**Work to complete**
Verbatim copy, images omitted: return the full listing.

(Task material begins)

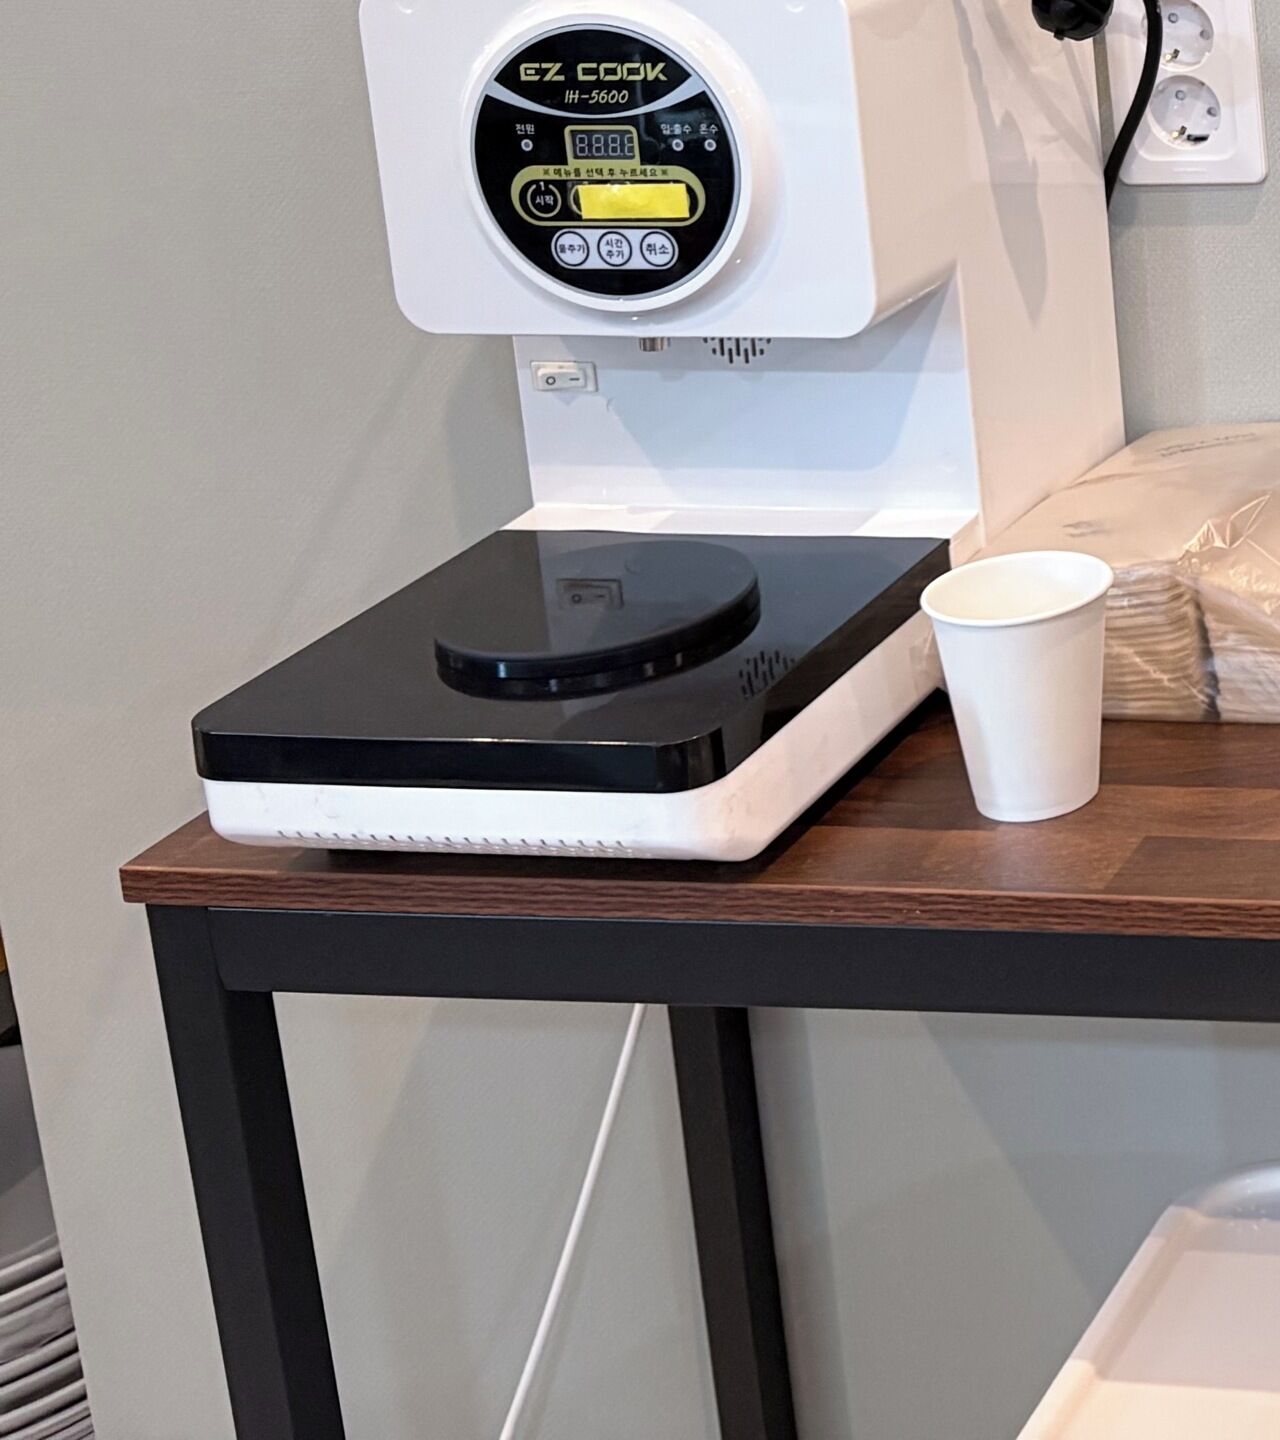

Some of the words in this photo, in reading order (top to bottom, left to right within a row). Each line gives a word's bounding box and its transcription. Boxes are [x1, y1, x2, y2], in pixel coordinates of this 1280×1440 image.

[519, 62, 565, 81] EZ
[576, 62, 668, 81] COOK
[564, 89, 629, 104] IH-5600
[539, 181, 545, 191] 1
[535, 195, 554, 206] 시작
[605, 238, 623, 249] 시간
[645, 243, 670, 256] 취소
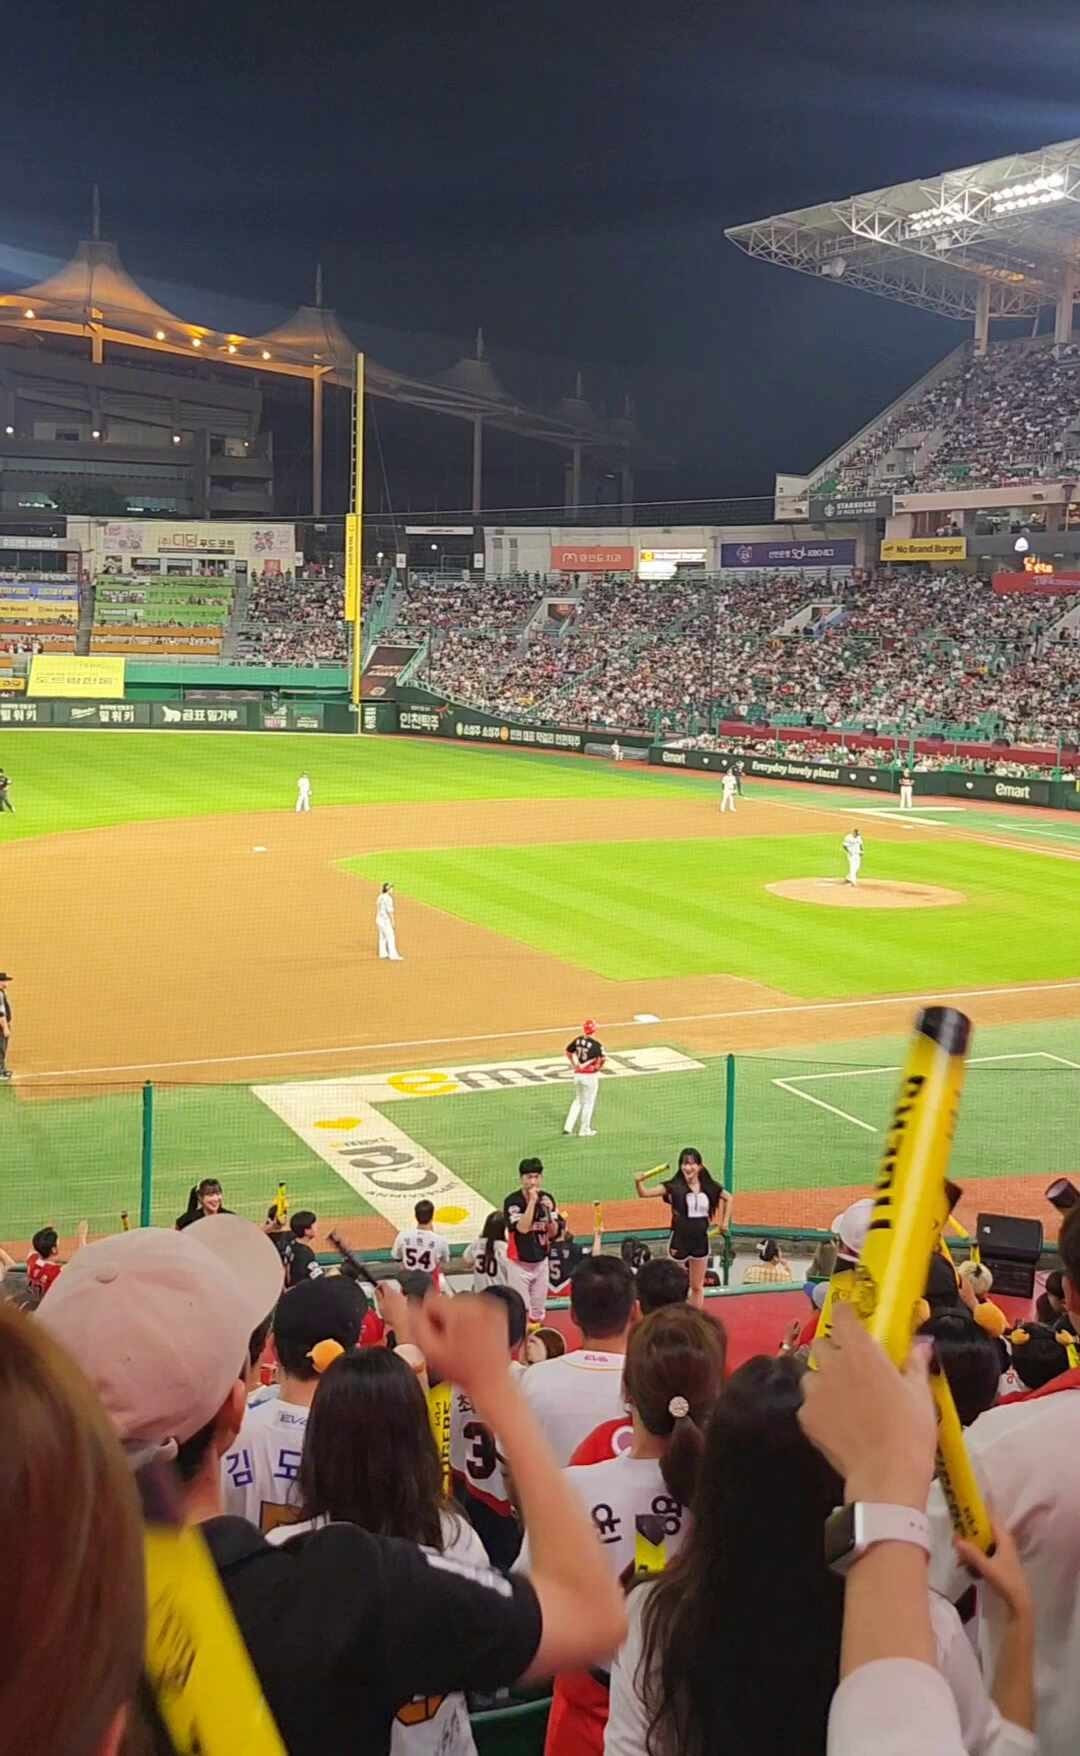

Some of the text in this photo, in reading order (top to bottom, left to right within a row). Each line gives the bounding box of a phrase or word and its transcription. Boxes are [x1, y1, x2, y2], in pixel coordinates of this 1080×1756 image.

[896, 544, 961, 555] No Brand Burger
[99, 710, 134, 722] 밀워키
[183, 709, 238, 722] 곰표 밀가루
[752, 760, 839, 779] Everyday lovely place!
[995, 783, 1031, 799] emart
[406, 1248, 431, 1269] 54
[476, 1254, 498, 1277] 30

(Task material ends)

**Response below**
Some of the words in this photo, in reading order (top to bottom, left to right within a row). Each line gives a word's bounding box and its transcription. Boxes are [x1, y1, x2, y2], in pixel coordinates of this 1280×1440 image.

[519, 62, 565, 81] EZ
[576, 62, 668, 81] COOK
[564, 89, 629, 104] IH-5600
[539, 181, 545, 191] 1
[535, 195, 554, 206] 시작
[605, 238, 623, 249] 시간
[645, 243, 670, 256] 취소

Some of the text in this photo, in reading order (top to bottom, left to right within a row). Each line gives the bounding box of a phrase or word and its transcription. Boxes are [x1, y1, x2, y2], in pixel coordinates of this 1080×1756 image.

[896, 544, 961, 555] No Brand Burger
[99, 710, 134, 722] 밀워키
[183, 709, 238, 722] 곰표 밀가루
[752, 760, 839, 779] Everyday lovely place!
[995, 783, 1031, 799] emart
[406, 1248, 431, 1269] 54
[476, 1254, 498, 1277] 30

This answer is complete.